Character Envy
Writing together, especially romances, can make for strange jealousies.
(Note: This is a guest post Kathleen and I wrote for the Where's My Muse book review site.)
In 1999, we came up with a radical plan to save our romance: write together. We had just reunited after an epic break up that required a several-year cooling off period. When a not-so-chance meeting rekindled the flames, we decided to channel some of the excess passion into a joint creative project to hopefully of avoiding total combustion.
The Cowboy and the Vampire: A Darkly Romantic Mystery (Midnight Ink, 2010) — and a newly entangled romance — was the result. This May, we finished our second book, Blood and Whiskey, and we learned something important: our characters lead far more romantic lives than we do.

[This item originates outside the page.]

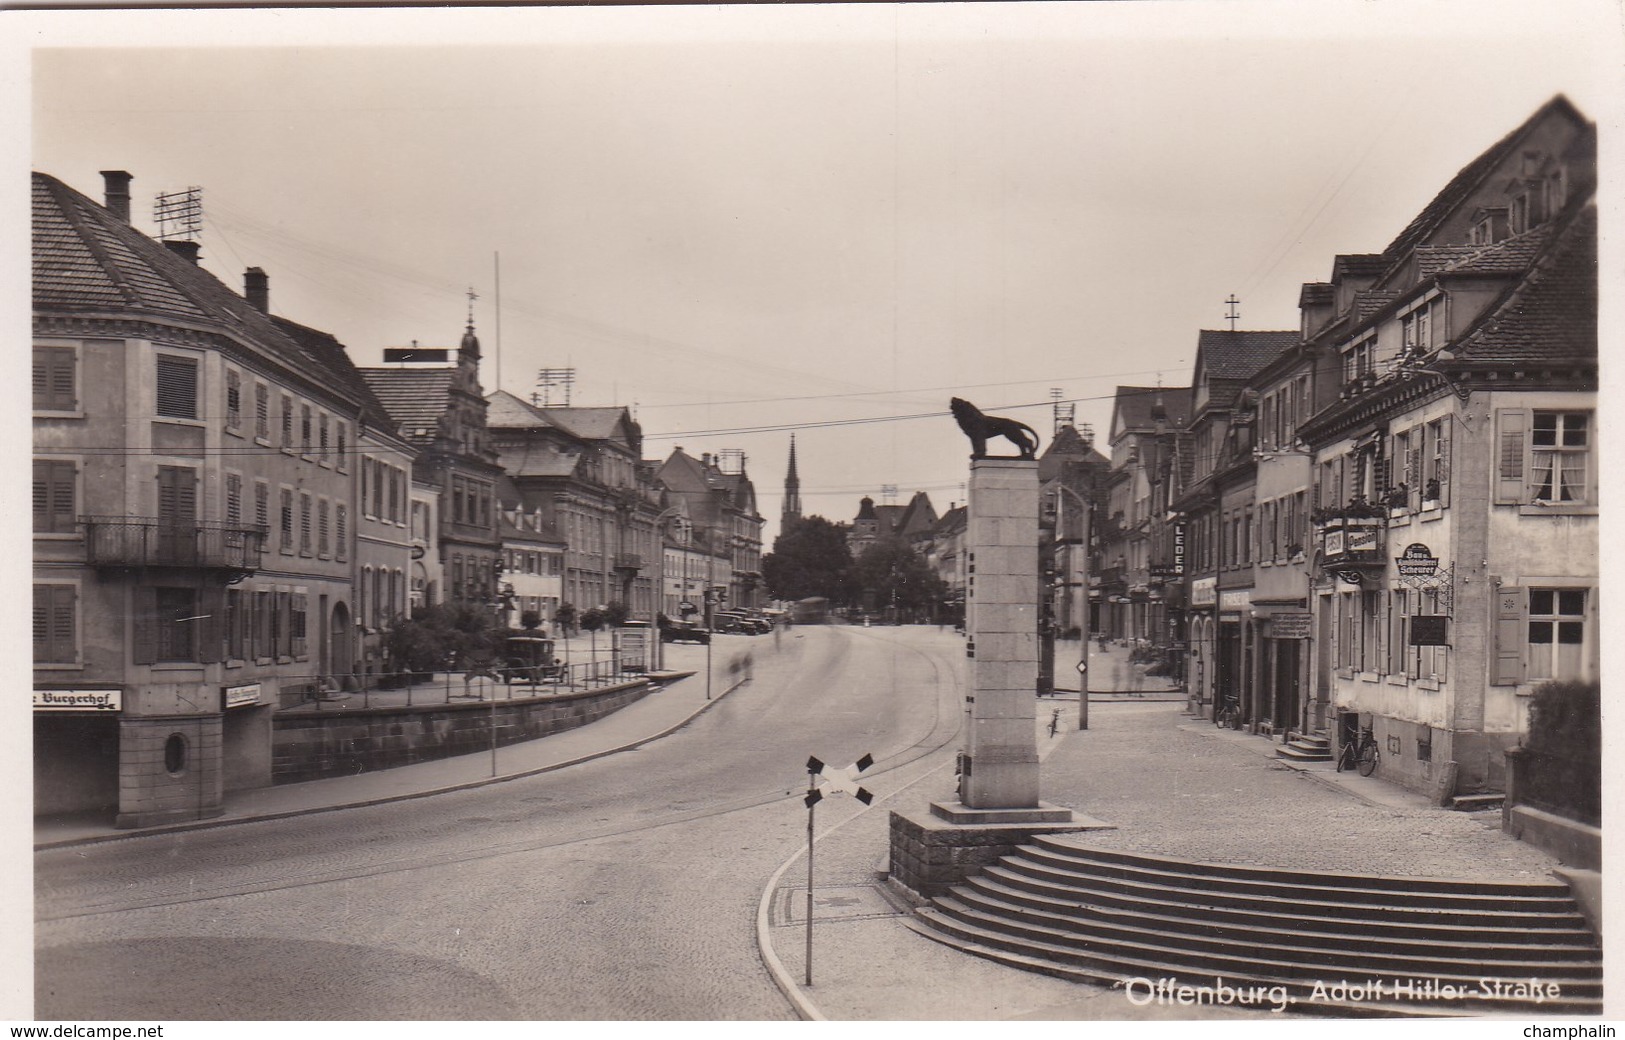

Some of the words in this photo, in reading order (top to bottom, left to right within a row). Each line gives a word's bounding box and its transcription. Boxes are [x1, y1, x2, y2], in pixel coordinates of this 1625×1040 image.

Of course, they’re also dealing with murderous vampire hordes, cold-blooded killers straight out of the old west, biblical prophecies, undead race wars and the care and feeding of an overly-sensitive dog cow dog named Rex. But even with all of that, and even setting aside the fact they are from very different worlds — she needs human blood to live, he’s more of whiskey drinker — Tucker and Lizzie have a romance for the ages.
It may be petty but we’re kind of jealous.
And not just of the main characters Tucker and Lizzie. There’s also Elita, the fierce, sexy vampire warrior sworn to protect Lizzie, who has seduced her way through half the undead world and left a trail of drained human bodies — stone cold dead but with smiles on their faces — stretching back thousands of years. In Blood and Whiskey, she finds herself sandwiched happily between a handsome Russian vampire, Rurik and his supermodel human consort, Virote.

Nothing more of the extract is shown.